▸ **TASK DESCRIPTION**:
Write out the entries below exactly as they stand. Skip every image.

▸ **SUPPLIED DATA**:

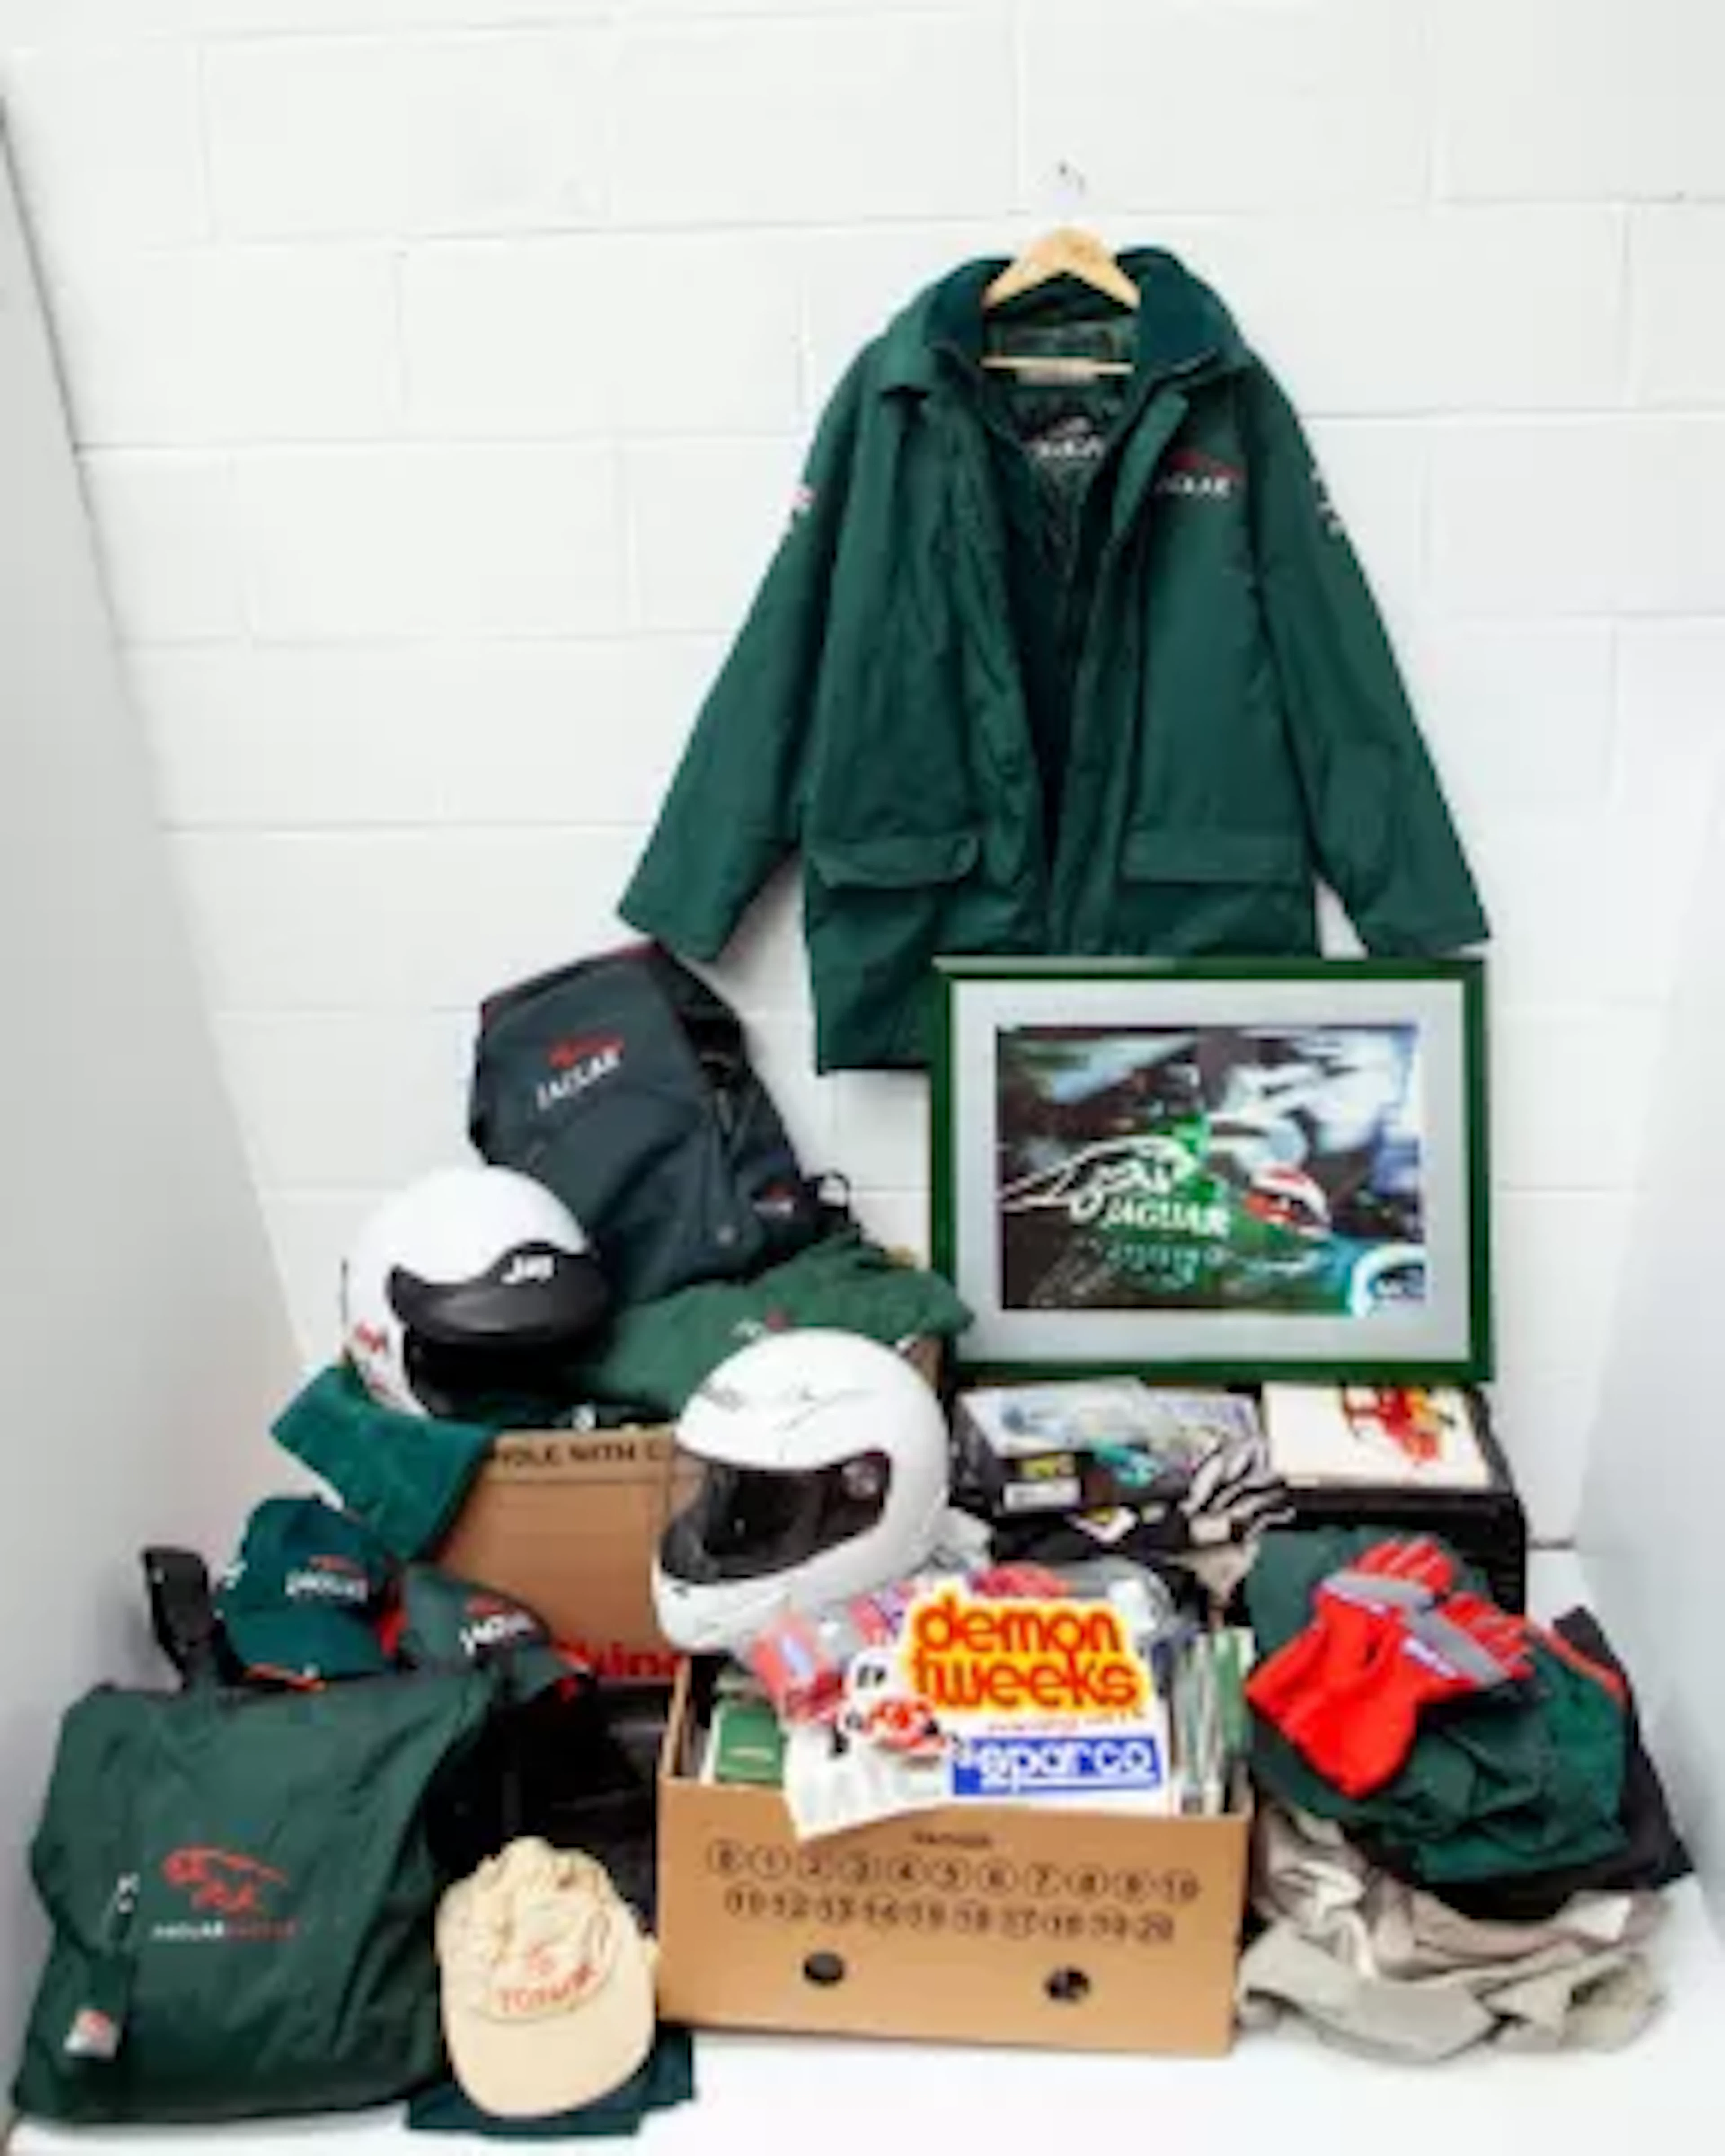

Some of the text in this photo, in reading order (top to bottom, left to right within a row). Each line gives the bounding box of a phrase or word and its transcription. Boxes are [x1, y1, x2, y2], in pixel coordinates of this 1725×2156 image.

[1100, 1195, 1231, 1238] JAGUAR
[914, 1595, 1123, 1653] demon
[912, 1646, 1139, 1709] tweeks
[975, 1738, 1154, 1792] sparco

▸ **EXERCISE OUTPUT**:
Some of the text in this photo, in reading order (top to bottom, left to right within a row). Each line gives the bounding box of a phrase or word and its transcription. Boxes are [x1, y1, x2, y2], in pixel coordinates of this 1725×2156 image.

[1100, 1195, 1231, 1238] JAGUAR
[914, 1595, 1123, 1653] demon
[912, 1646, 1139, 1709] tweeks
[975, 1738, 1154, 1792] sparco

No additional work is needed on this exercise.